The America that Americans forget

Usman Deen

Global Courant

After the Allied victory, the entire Japanese empire in the Pacific was placed in a trust of about 100 inhabited islands, spread over an area the size of the contiguous United States, under the administration of Washington, which was charged with “the development of the citizens of the Trust Territory towards self-government or independence.” (This included today’s Northern Mariana Islands, Micronesia, the Marshall Islands, and Palau.) Saipan eventually became the headquarters of the Trust, which was administered first by the Navy and then by the Department of the Interior, arbitrarily dividing the islands into six districts , with each voting to decide their fate.

The founding fathers of the Commonwealth, as the group of legislators are known, wrote the Covenant, a government document that outlined the archipelago’s right to control its internal affairs while preserving the sovereignty of the U.S. federal government over the foreign affairs and defense of the Northern Marianas granted. The Covenant specified which articles of the United States Constitution applied, and fundamental changes to the document can only be made by mutual agreement between the Northern Mariana Islands and Congress. The Northern Mariana Islands have the right to enter into direct negotiations with the federal government on specific issues. This arrangement has been made possible by the Insular Cases.

In 1975, 75 percent of the inhabitants of the Northern Mariana Islands voted to approve the document. (They also repeatedly voted to integrate with Guam, but Guam rejected the proposal.) Residents of the Northern Mariana Islands are now US citizens without federal voting rights. They serve in the United States Armed Forces, but do not have their own VA office.

As part of the negotiations, the US government leased two-thirds of the land on Tinian for 50 years to build a military base, saying it would boost the economy, and also pledged to build a school and provide medical services to provide. Residents are still waiting. Today, the 40-square-mile island, home to 2,000 people, has no hospital or dentist, one gas station, one semi-functional ATM, and a few small supermarkets.
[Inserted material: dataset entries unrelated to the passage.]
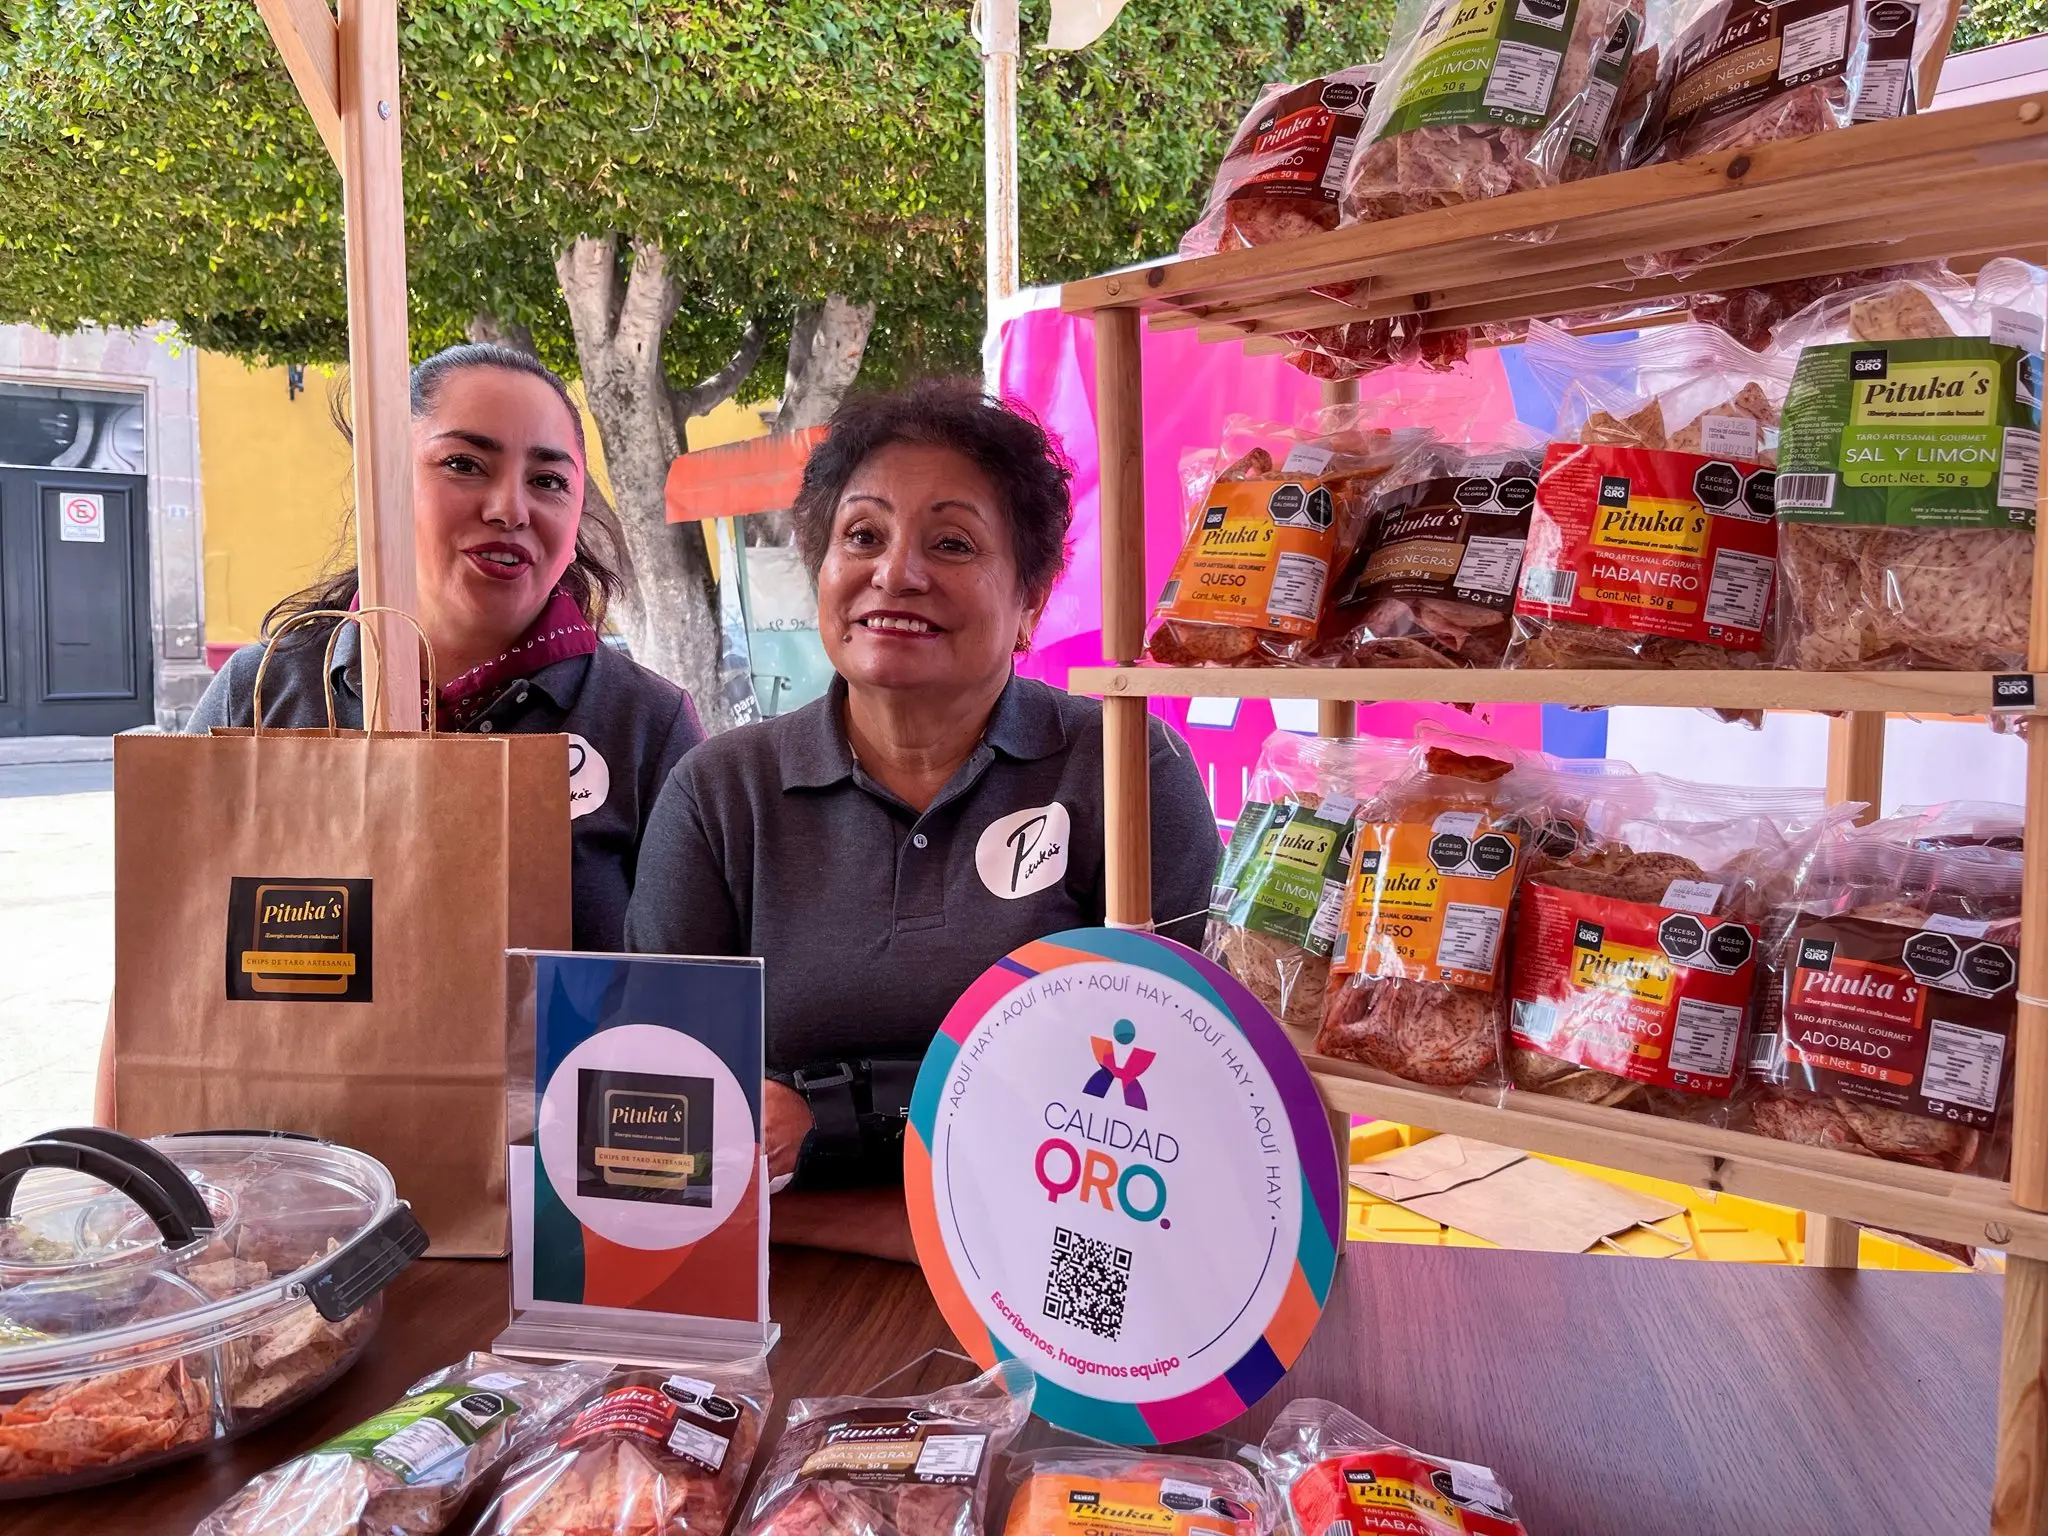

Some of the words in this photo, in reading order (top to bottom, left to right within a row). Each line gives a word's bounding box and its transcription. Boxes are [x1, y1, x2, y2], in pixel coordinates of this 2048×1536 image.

[1715, 55, 1774, 83] NEGRAS
[1441, 81, 1456, 92] 50
[1727, 82, 1741, 93] 50
[1280, 170, 1292, 179] 50
[1855, 362, 1882, 372] QRO
[1856, 433, 1880, 441] TARO
[1882, 433, 1935, 441] ARTESANAL
[1939, 433, 1988, 441] GOURMET
[1845, 448, 1885, 463] SAL
[1894, 447, 1909, 461] Y
[1917, 445, 1996, 463] LIMÓN
[1704, 475, 1733, 485] EXCESO
[1937, 473, 1955, 483] 50
[1960, 475, 1968, 486] g
[1603, 489, 1626, 499] QRO
[1402, 554, 1455, 567] NEGRAS
[1595, 550, 1616, 559] TARO
[1615, 553, 1660, 565] ARTESANAL
[1662, 558, 1702, 570] GOURMET
[1200, 572, 1246, 587] QUESO
[1409, 569, 1422, 577] 50
[1591, 563, 1698, 590] HABANERO
[1229, 594, 1240, 603] 50
[1240, 597, 1247, 605] g
[1649, 595, 1664, 606] 50
[1666, 600, 1674, 610] g
[1997, 685, 2028, 695] QRO
[1479, 846, 1505, 854] EXCESO
[1281, 900, 1293, 911] 50
[1401, 913, 1433, 923] GOURMET
[1578, 932, 1600, 943] QRO
[1668, 926, 1696, 937] EXCESO
[1717, 936, 1745, 946] EXCESO
[1397, 945, 1408, 955] 50
[1409, 949, 1415, 958] g
[1720, 945, 1741, 953] SODIO
[1916, 944, 1949, 956] EXCESO
[1804, 951, 1828, 961] QRO
[1972, 956, 2005, 968] EXCESO
[306, 959, 352, 967] ARTESANAL
[1975, 966, 2000, 976] SODIO
[1041, 976, 1074, 999] HAY
[1088, 974, 1130, 992] AQUÍ
[1136, 981, 1173, 1007] HAY
[1001, 989, 1038, 1025] AQUÍ
[1630, 1004, 1667, 1018] GOURMET
[1831, 1001, 1857, 1012] natural
[1866, 1008, 1883, 1017] cada
[1181, 1008, 1226, 1048] AQUÍ
[1793, 1013, 1815, 1023] TARO
[1816, 1017, 1866, 1033] ARTESANAL
[1868, 1027, 1913, 1043] GOURMET
[970, 1026, 995, 1062] HAY
[1632, 1044, 1640, 1054] g
[1800, 1030, 1891, 1059] ADOBADO
[1221, 1047, 1254, 1088] HAY
[1860, 1063, 1876, 1075] 50
[1879, 1070, 1888, 1081] g
[949, 1061, 974, 1109] AQUÍ
[1044, 1102, 1180, 1164] CALIDAD
[1250, 1103, 1281, 1156] AQUÍ
[598, 1153, 620, 1161] CHIPS
[632, 1156, 651, 1164] TARO
[651, 1157, 692, 1168] ARTESANAL
[1265, 1165, 1283, 1210] HAY
[990, 1290, 1057, 1360] Escríbenos,
[1058, 1347, 1128, 1378] hagamos
[1130, 1356, 1180, 1381] equipo
[857, 1450, 914, 1459] NEGRAS
The main employer is the mayor’s office. In a 2010 census, 44 percent of households on Tinian fell below the poverty line.
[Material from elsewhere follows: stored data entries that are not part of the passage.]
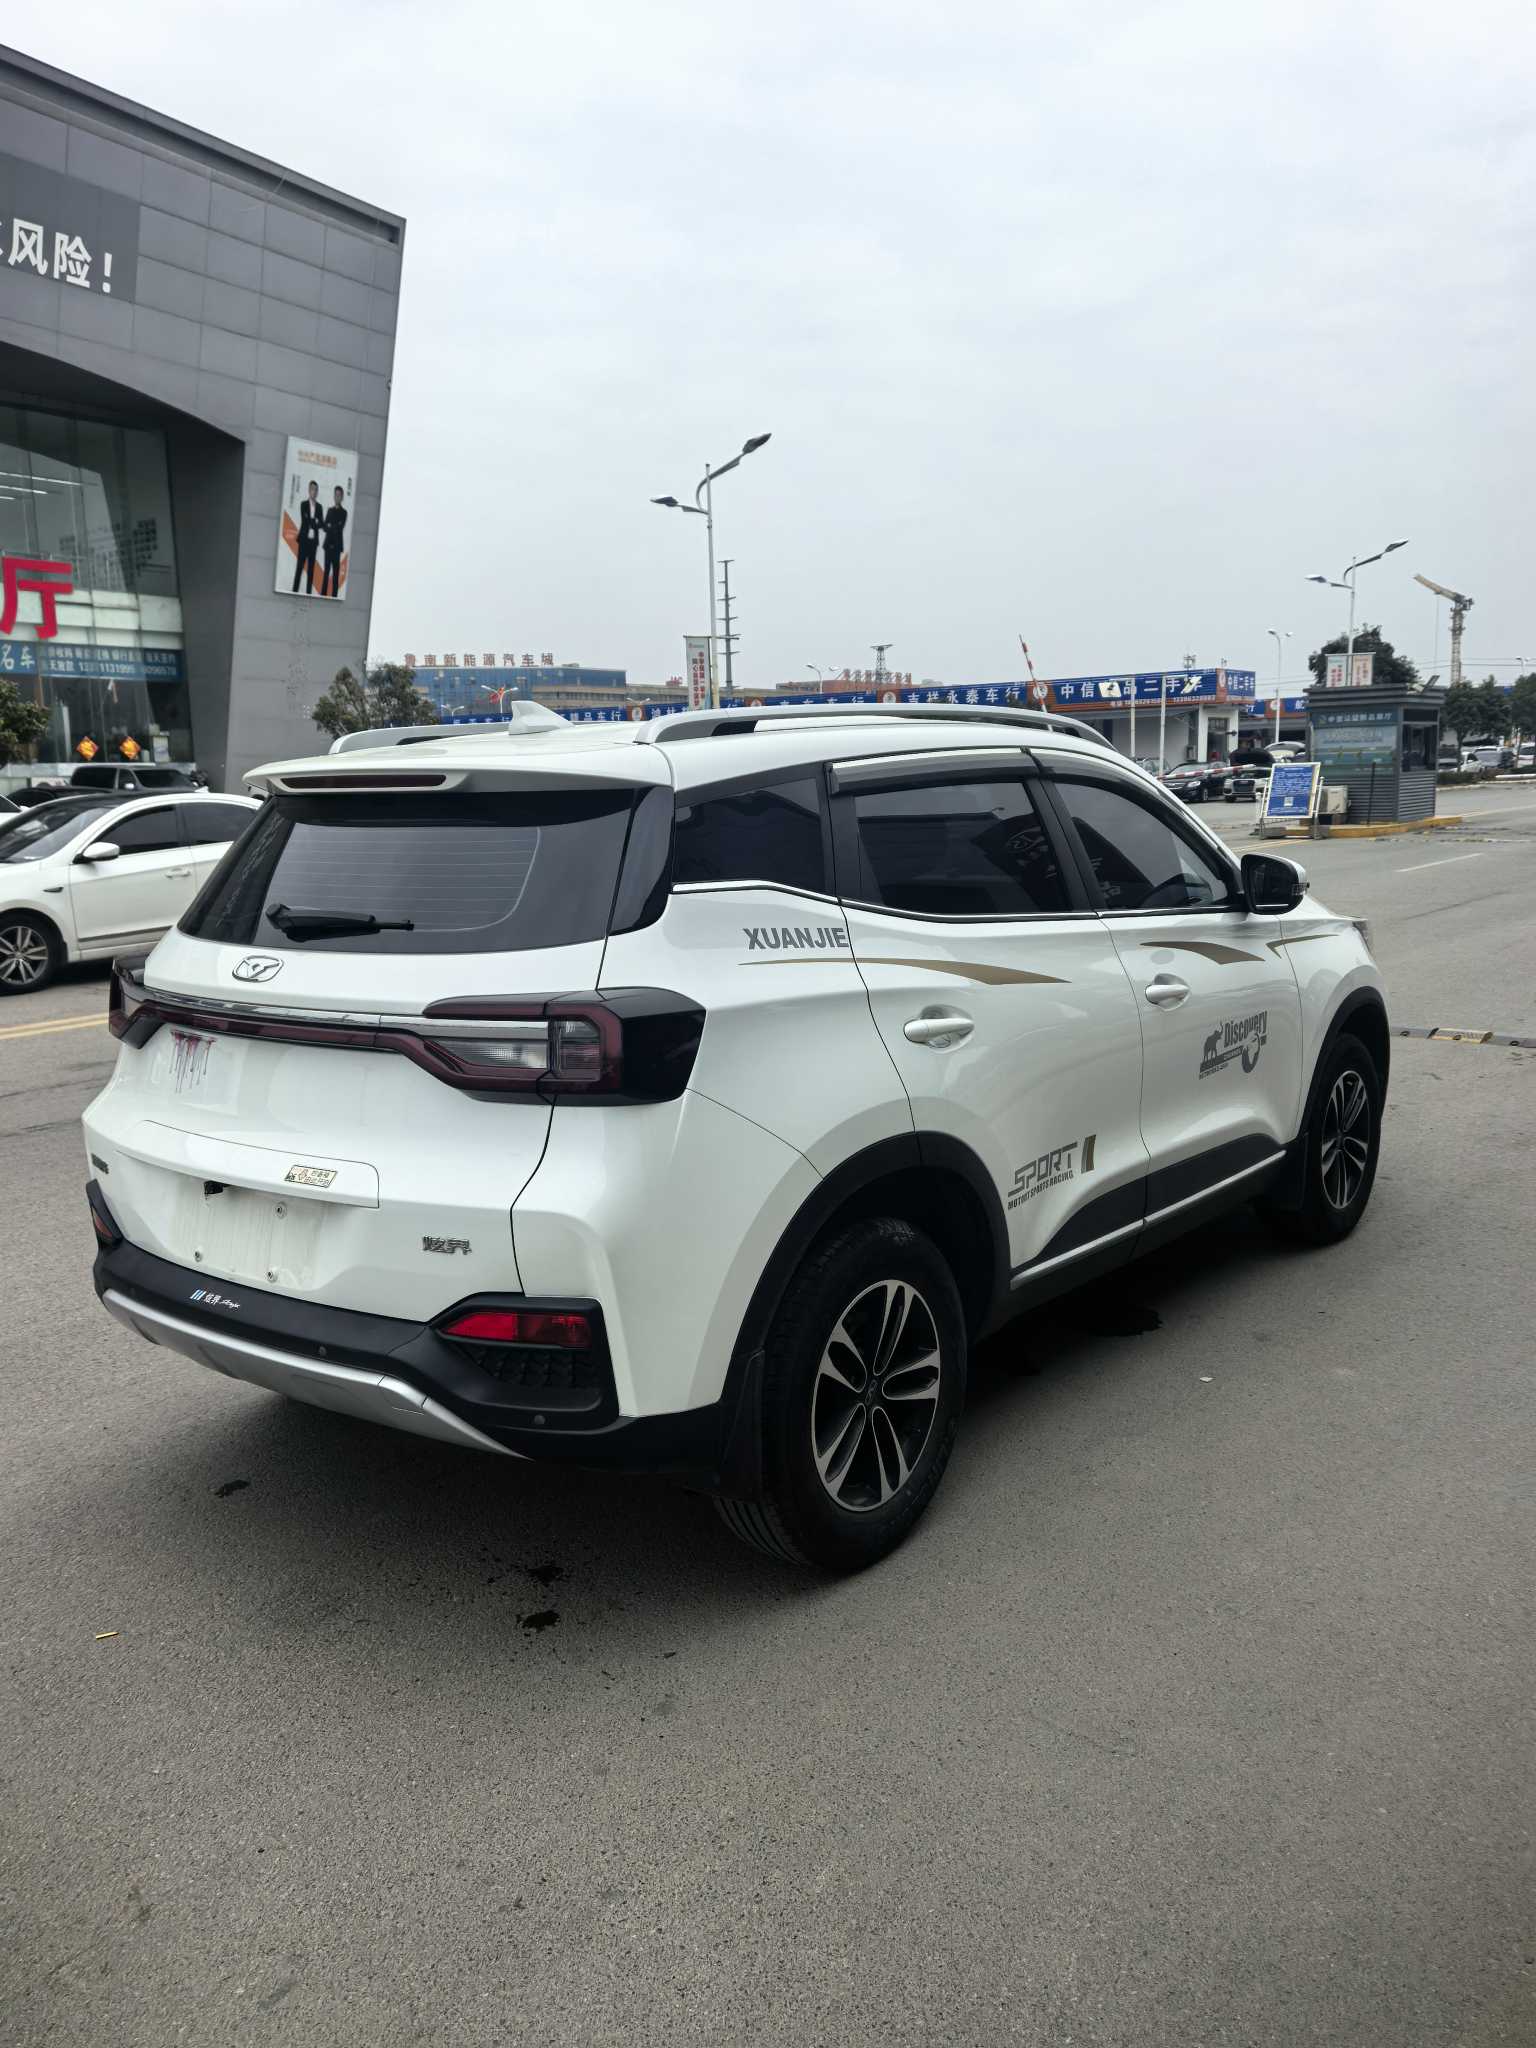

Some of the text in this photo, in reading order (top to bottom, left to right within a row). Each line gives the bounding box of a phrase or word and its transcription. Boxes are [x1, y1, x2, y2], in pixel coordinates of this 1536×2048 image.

[0, 217, 113, 294] 风险！
[0, 556, 74, 640] 厅
[743, 927, 849, 950] XUANJIE
[1224, 1010, 1268, 1048] Discovery
[1008, 1142, 1078, 1198] SPORT
[1050, 1169, 1075, 1187] RACING
When the US Army took Tinian from the Japanese during World War II, they built roads the same way Manhattan did – with Broadway, Wall Street, 86th, 42nd and so on. That morning, Fleming took me to North Field, where American military personnel built the largest airport in the world at the time, from which planes took off every three minutes during the last year of the war. We drove up Broadway to the two bombing bays used to load nuclear weapons onto airplanes, now encased in glass like a mausoleum of the grotesque. Nuclear Bomb Pit No. 1 loaded the five-ton uranium bomb, Little Boy, which killed more than 100,000 people in a single morning explosion. Atomic Bomb Pit No. 2 contained the plutonium bomb, Fat Man, which killed 40,000 people instantly in Nagasaki. As I stood before the glass, the duality of past destruction – blanketed in the prospect of the future decimation that would necessitate the use of the Diversion Airfield – felt like vertigo.